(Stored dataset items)
____________________
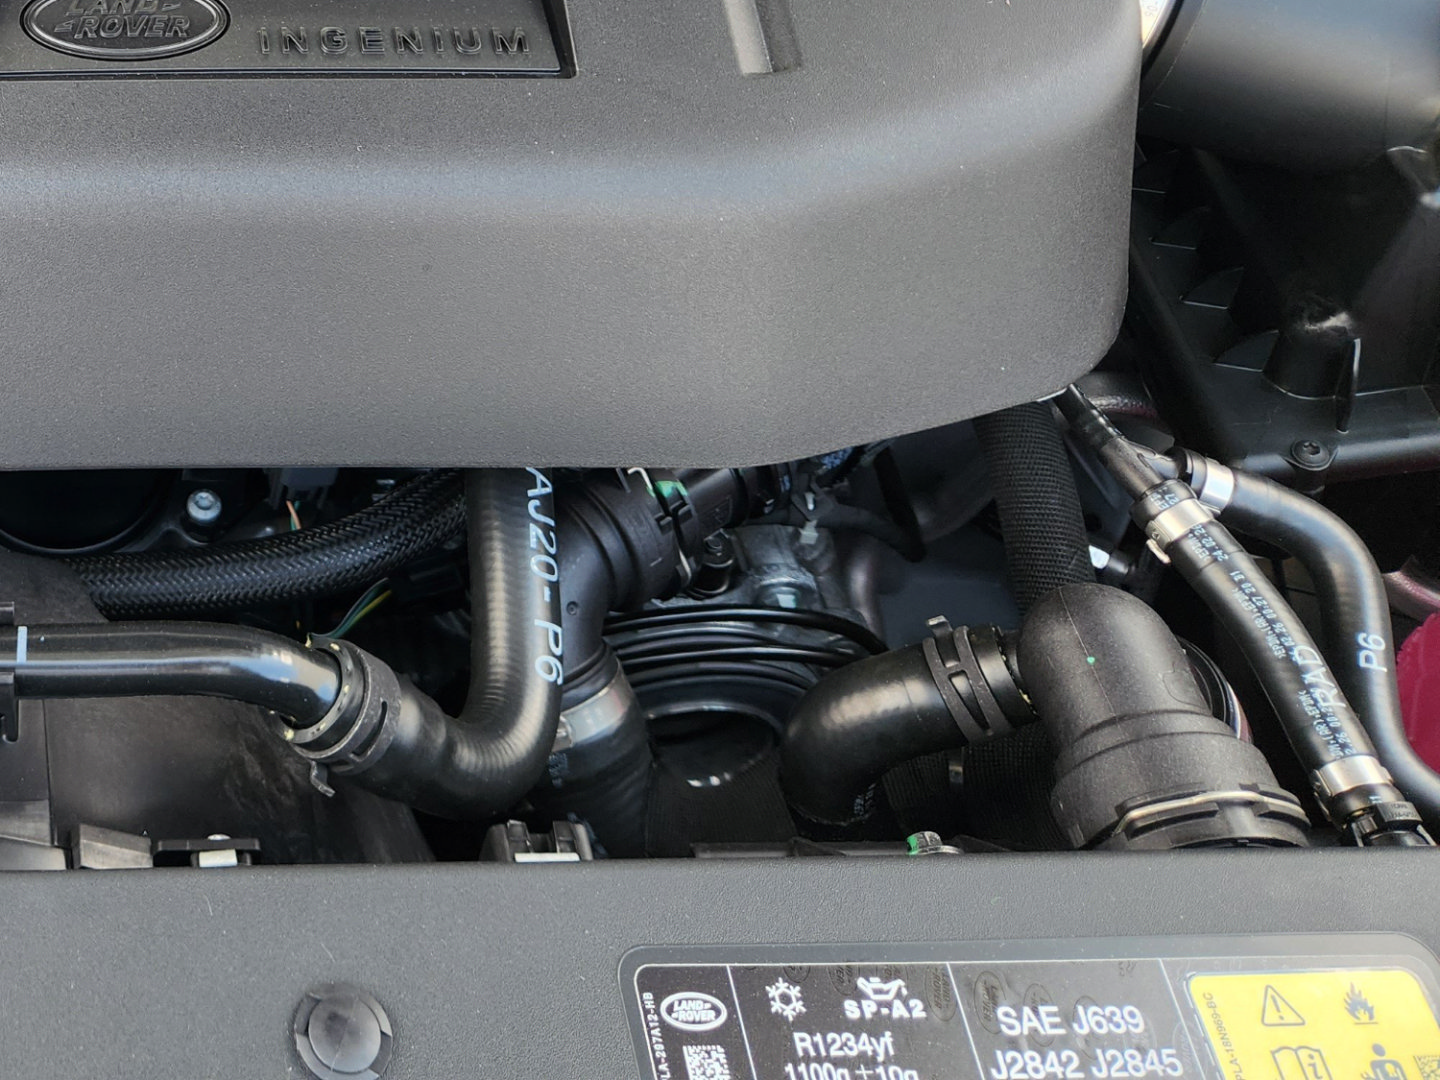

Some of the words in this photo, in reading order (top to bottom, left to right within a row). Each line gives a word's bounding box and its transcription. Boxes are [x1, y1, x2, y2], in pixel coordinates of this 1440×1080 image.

[73, 15, 191, 40] ROVER
[259, 26, 531, 56] INGENIUM
[1357, 632, 1388, 673] P6
[1293, 644, 1346, 708] RAD
[673, 1000, 705, 1011] LAND
[678, 1010, 716, 1022] ROVER
[843, 999, 928, 1020] SP-A2
[996, 1005, 1066, 1036] SAE
[1072, 1004, 1145, 1035] J639
[642, 992, 672, 1080] LA-297A12-HB
[792, 1030, 895, 1062] R1234yf
[990, 1049, 1086, 1080] J2842
[1090, 1048, 1184, 1079] J2845
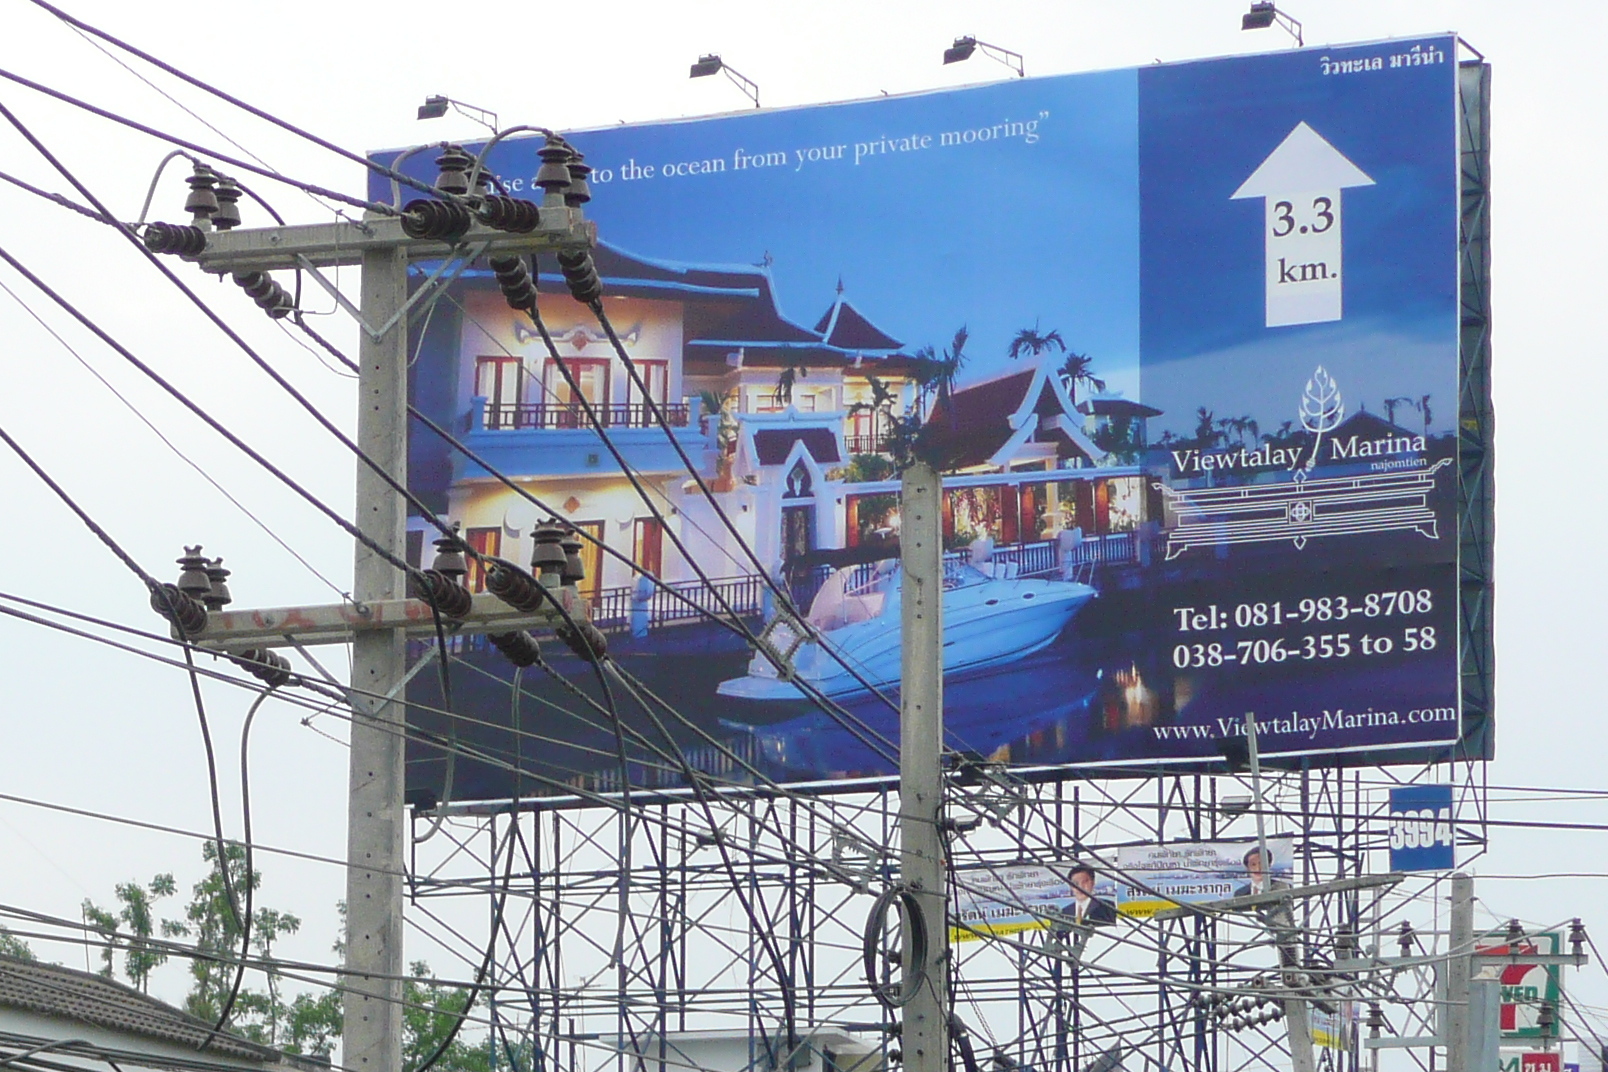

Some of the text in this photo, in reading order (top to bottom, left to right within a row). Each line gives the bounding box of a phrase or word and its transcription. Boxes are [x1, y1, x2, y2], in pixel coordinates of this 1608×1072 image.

[1320, 55, 1383, 76] วิวทะเล
[590, 166, 613, 185] to
[620, 157, 655, 181] the
[661, 156, 726, 178] ocean
[733, 147, 788, 171] from
[794, 142, 848, 173] your
[854, 133, 933, 166] private
[1271, 196, 1335, 238] 3.3
[1277, 257, 1338, 285] km.
[1170, 431, 1428, 475] Viewtalay Marina
[1370, 457, 1427, 473] najomtien
[1173, 588, 1433, 632] Tel: 081-983-8708
[1172, 625, 1437, 669] 038-706-355 to 58
[1152, 705, 1457, 741] www.ViewtalayMarina.com
[1389, 807, 1453, 851] 3994
____________________
*ACTIVITY*
Your reply should repeat the entries above exactly, leaving the pictures out.

*ANSWER BOX*
Some of the words in this photo, in reading order (top to bottom, left to right within a row). Each line gives a word's bounding box and its transcription. Boxes are [x1, y1, x2, y2], in pixel coordinates of this 1440×1080 image.

[73, 15, 191, 40] ROVER
[259, 26, 531, 56] INGENIUM
[1357, 632, 1388, 673] P6
[1293, 644, 1346, 708] RAD
[673, 1000, 705, 1011] LAND
[678, 1010, 716, 1022] ROVER
[843, 999, 928, 1020] SP-A2
[996, 1005, 1066, 1036] SAE
[1072, 1004, 1145, 1035] J639
[642, 992, 672, 1080] LA-297A12-HB
[792, 1030, 895, 1062] R1234yf
[990, 1049, 1086, 1080] J2842
[1090, 1048, 1184, 1079] J2845

Some of the text in this photo, in reading order (top to bottom, left to right within a row). Each line gives the bounding box of a phrase or word and its transcription. Boxes are [x1, y1, x2, y2], in pixel coordinates of this 1608×1072 image.

[1320, 55, 1383, 76] วิวทะเล
[590, 166, 613, 185] to
[620, 157, 655, 181] the
[661, 156, 726, 178] ocean
[733, 147, 788, 171] from
[794, 142, 848, 173] your
[854, 133, 933, 166] private
[1271, 196, 1335, 238] 3.3
[1277, 257, 1338, 285] km.
[1170, 431, 1428, 475] Viewtalay Marina
[1370, 457, 1427, 473] najomtien
[1173, 588, 1433, 632] Tel: 081-983-8708
[1172, 625, 1437, 669] 038-706-355 to 58
[1152, 705, 1457, 741] www.ViewtalayMarina.com
[1389, 807, 1453, 851] 3994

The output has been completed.